Of the 337 MSM diagnosed as having a bacterial STI, 301 were offered recall. Of these, 206 (68.4%) re-screened after 3 months, 30 (10%) declined and the remainder did not re-attend despite giving verbal consent. Compared with those not re-screening, those re-screening were less likely to be HIV positive (p=0.001), but there was no difference in baseline risk behaviours. There were 15 diagnoses of bacterial STIs at re-screening (29 per 100 person-year follow-up (pyfu); 95% CI 14.3 to 43.7) and five new HIV diagnoses of whom three had a negative test at baseline, one tested negative 6 months earlier and one never tested.

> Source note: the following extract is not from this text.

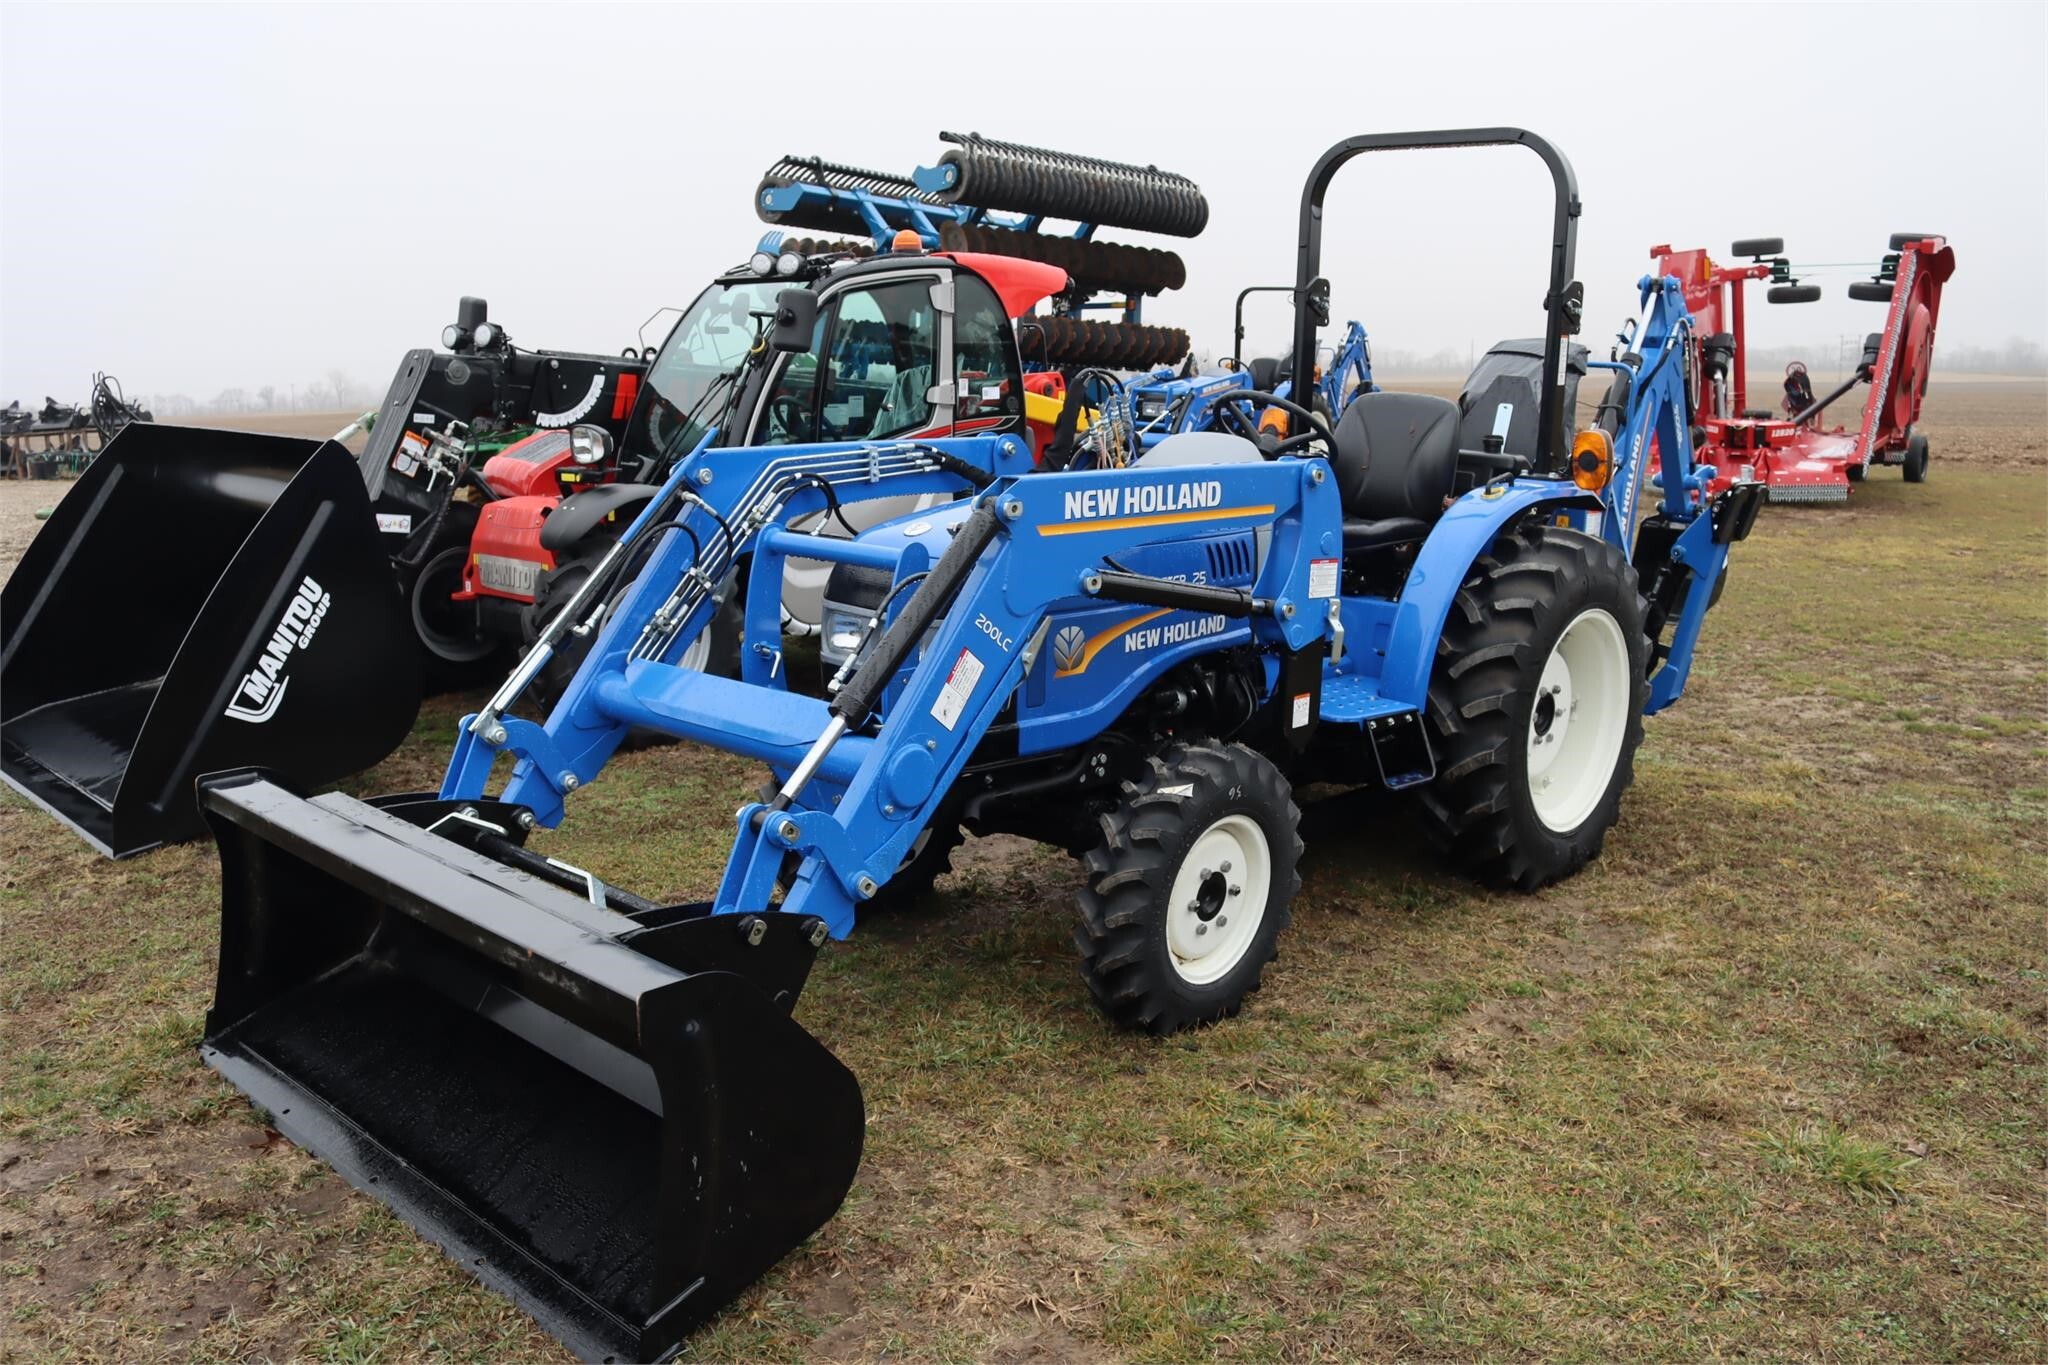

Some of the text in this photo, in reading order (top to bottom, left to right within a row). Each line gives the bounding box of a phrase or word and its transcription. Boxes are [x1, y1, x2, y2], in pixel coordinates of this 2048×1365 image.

Among those testing at both time points, the HIV incidence was 8.3 per 100 pyfu (95% CI 0.0 to 17.7).


This evaluation demonstrates a ‘recall for re-screening’ strategy is feasible in terms of high re-screening rates and incidence of new infections diagnosed. Experimental evidence is needed to assess cost-effectiveness and whether it achieves its aim of reducing transmission of STIs and HIV.